More details and examples on my twitter feed: https://twitter.com/ben_ferns/status/961930799900540928
I’m using Unity3D’s early Tensorflow support https://github.com/Unity-Technologies/ml-agents/ and the approach they use to provide ‘observations’ (images from a game camera) to provide images from an actual camera.
I then found a pre-trained model trained on the COCO (Common Objects in Context) dataset which recognizes 80 objects and returns rough bounding boxes. I used a Mobilenet SSD net for performance. Finding exactly the right inputs for this was a bit tricky without documentation – a lot of the AI OSS world is still very academic-focused and assumes experience with their tech stacks.
I’m running ARCore/ARKit for the AR tracking and plane detection. Most of the time spent getting this running actually went on placement and scaling (and avoiding placing the same object multiple times, especially as the neural-net switches labels occasionally). I could have not bothered solving those problems just to make the demo video, but I wanted to see if they were insurmountable, and how that could impact UX decisions in similar AR apps.
I made the same decision with performance – I wanted to get it close to realtime because without the instant visual feedback the sense of magic is lost, even if its technically the same process. I ended up putting the tensorflow interactions on a separate thread and only running the model once every 2 seconds, and parsing the Poly assets over a series of frames (can’t be threaded as generating assets must be on the Unity main thread). The TF model I use takes between 400ms and 1000ms to return, which I think can be improved.

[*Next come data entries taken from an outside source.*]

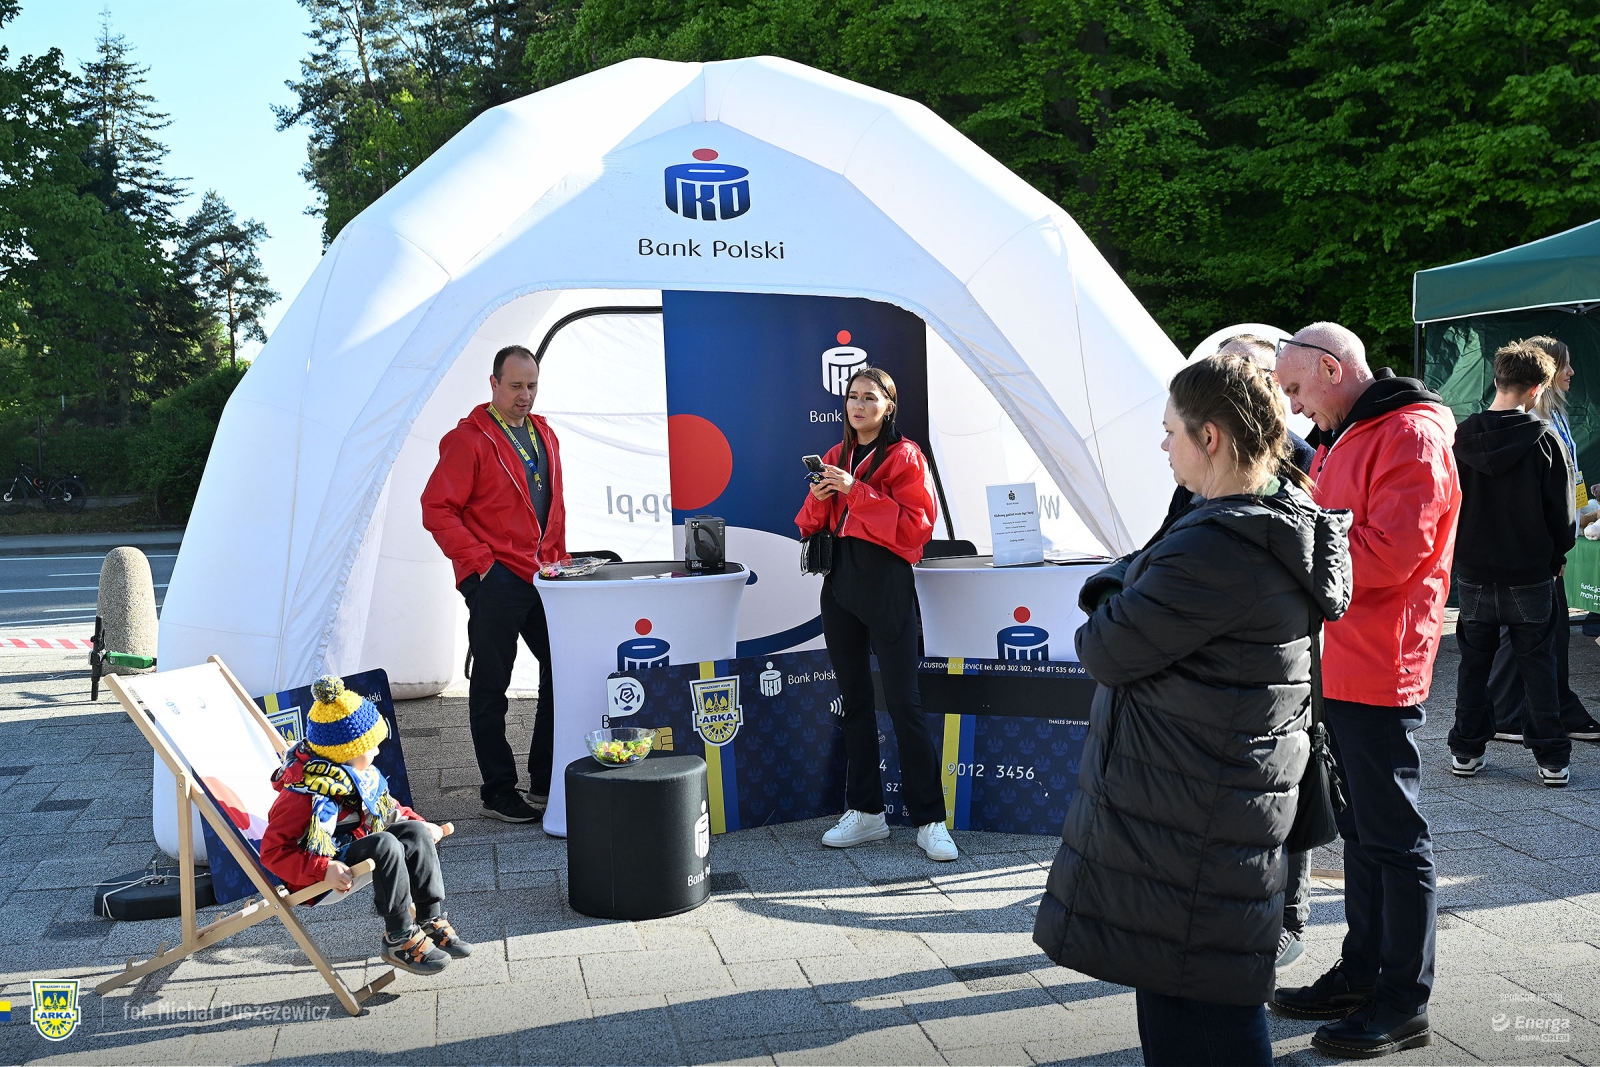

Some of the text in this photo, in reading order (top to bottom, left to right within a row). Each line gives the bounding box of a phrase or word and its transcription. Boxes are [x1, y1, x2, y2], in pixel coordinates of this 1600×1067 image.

[664, 163, 751, 221] PKO
[638, 238, 785, 260] Bank Polski
[809, 409, 843, 423] Bank
[923, 661, 957, 669] CUSTOMER
[958, 662, 983, 671] SERVICE
[759, 669, 838, 697] PKO Bank Polsk
[702, 713, 734, 723] ARKA
[947, 763, 1035, 780] 9012 3456
[687, 869, 705, 887] Bank

Poly have a great API and docs https://developers.google.com/poly/develop/ , I really love what google are doing here, and their focus on stylized almost ‘wireframe’ 3D rather than realistic 3d, as its very achievable to build a huge, broadly useful library at this quality.
If I have time, I’d very much like to port this whole dumb thing to WebXR (using google cloud Automl as the AI component) and use the Poly web API.